### TASK REQUIREMENTS:
Extract the full set of records that follows, word for word.

### DATA FOR REVIEW:
++++++++++
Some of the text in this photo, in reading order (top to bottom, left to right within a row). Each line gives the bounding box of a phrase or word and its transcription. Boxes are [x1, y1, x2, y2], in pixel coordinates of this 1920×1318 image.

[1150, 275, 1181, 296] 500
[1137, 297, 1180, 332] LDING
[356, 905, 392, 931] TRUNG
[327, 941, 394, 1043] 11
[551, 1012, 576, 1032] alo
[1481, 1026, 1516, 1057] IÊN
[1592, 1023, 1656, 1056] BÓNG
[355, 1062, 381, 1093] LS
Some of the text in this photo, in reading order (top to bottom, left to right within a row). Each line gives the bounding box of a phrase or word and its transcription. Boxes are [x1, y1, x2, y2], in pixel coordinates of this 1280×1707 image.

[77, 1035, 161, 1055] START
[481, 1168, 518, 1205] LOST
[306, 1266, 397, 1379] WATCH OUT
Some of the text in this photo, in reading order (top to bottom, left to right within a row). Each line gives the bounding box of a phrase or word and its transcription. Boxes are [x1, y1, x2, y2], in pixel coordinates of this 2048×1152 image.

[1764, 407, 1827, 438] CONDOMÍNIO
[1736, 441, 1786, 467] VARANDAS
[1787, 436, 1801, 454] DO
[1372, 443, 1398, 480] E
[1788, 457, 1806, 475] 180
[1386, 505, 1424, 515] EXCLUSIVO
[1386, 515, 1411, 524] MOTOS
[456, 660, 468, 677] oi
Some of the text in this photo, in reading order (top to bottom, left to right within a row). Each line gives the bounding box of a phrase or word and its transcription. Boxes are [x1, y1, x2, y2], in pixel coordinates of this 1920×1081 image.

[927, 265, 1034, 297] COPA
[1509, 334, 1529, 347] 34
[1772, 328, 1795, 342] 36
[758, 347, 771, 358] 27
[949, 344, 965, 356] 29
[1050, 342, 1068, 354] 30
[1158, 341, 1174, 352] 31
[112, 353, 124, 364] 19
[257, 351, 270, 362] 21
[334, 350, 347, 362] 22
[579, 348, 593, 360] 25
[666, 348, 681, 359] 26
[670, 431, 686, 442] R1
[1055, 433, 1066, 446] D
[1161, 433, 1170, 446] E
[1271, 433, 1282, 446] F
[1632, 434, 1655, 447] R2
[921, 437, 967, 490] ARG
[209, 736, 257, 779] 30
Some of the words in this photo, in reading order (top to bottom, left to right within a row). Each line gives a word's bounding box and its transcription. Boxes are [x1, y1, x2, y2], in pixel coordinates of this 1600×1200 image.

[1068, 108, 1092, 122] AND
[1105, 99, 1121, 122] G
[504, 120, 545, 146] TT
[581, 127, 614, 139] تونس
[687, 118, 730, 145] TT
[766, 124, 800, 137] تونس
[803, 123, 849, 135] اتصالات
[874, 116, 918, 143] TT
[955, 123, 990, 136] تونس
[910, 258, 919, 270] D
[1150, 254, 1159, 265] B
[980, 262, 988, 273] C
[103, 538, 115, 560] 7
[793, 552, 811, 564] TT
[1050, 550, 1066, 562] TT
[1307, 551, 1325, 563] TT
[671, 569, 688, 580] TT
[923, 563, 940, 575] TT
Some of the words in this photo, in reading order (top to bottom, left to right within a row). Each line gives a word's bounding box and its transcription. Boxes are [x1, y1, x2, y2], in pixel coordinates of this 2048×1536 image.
++++++++++
### TASK RESULT:
Some of the text in this photo, in reading order (top to bottom, left to right within a row). Each line gives the bounding box of a phrase or word and its transcription. Boxes are [x1, y1, x2, y2], in pixel coordinates of this 1920×1318 image.

[1150, 275, 1181, 296] 500
[1137, 297, 1180, 332] LDING
[356, 905, 392, 931] TRUNG
[327, 941, 394, 1043] 11
[551, 1012, 576, 1032] alo
[1481, 1026, 1516, 1057] IÊN
[1592, 1023, 1656, 1056] BÓNG
[355, 1062, 381, 1093] LS
Some of the text in this photo, in reading order (top to bottom, left to right within a row). Each line gives the bounding box of a phrase or word and its transcription. Boxes are [x1, y1, x2, y2], in pixel coordinates of this 1280×1707 image.

[77, 1035, 161, 1055] START
[481, 1168, 518, 1205] LOST
[306, 1266, 397, 1379] WATCH OUT
Some of the text in this photo, in reading order (top to bottom, left to right within a row). Each line gives the bounding box of a phrase or word and its transcription. Boxes are [x1, y1, x2, y2], in pixel coordinates of this 2048×1152 image.

[1764, 407, 1827, 438] CONDOMÍNIO
[1736, 441, 1786, 467] VARANDAS
[1787, 436, 1801, 454] DO
[1372, 443, 1398, 480] E
[1788, 457, 1806, 475] 180
[1386, 505, 1424, 515] EXCLUSIVO
[1386, 515, 1411, 524] MOTOS
[456, 660, 468, 677] oi
Some of the text in this photo, in reading order (top to bottom, left to right within a row). Each line gives the bounding box of a phrase or word and its transcription. Boxes are [x1, y1, x2, y2], in pixel coordinates of this 1920×1081 image.

[927, 265, 1034, 297] COPA
[1509, 334, 1529, 347] 34
[1772, 328, 1795, 342] 36
[758, 347, 771, 358] 27
[949, 344, 965, 356] 29
[1050, 342, 1068, 354] 30
[1158, 341, 1174, 352] 31
[112, 353, 124, 364] 19
[257, 351, 270, 362] 21
[334, 350, 347, 362] 22
[579, 348, 593, 360] 25
[666, 348, 681, 359] 26
[670, 431, 686, 442] R1
[1055, 433, 1066, 446] D
[1161, 433, 1170, 446] E
[1271, 433, 1282, 446] F
[1632, 434, 1655, 447] R2
[921, 437, 967, 490] ARG
[209, 736, 257, 779] 30
Some of the words in this photo, in reading order (top to bottom, left to right within a row). Each line gives a word's bounding box and its transcription. Boxes are [x1, y1, x2, y2], in pixel coordinates of this 1600×1200 image.

[1068, 108, 1092, 122] AND
[1105, 99, 1121, 122] G
[504, 120, 545, 146] TT
[581, 127, 614, 139] تونس
[687, 118, 730, 145] TT
[766, 124, 800, 137] تونس
[803, 123, 849, 135] اتصالات
[874, 116, 918, 143] TT
[955, 123, 990, 136] تونس
[910, 258, 919, 270] D
[1150, 254, 1159, 265] B
[980, 262, 988, 273] C
[103, 538, 115, 560] 7
[793, 552, 811, 564] TT
[1050, 550, 1066, 562] TT
[1307, 551, 1325, 563] TT
[671, 569, 688, 580] TT
[923, 563, 940, 575] TT
Some of the words in this photo, in reading order (top to bottom, left to right within a row). Each line gives a word's bounding box and its transcription. Boxes are [x1, y1, x2, y2], in pixel coordinates of this 2048×1536 image.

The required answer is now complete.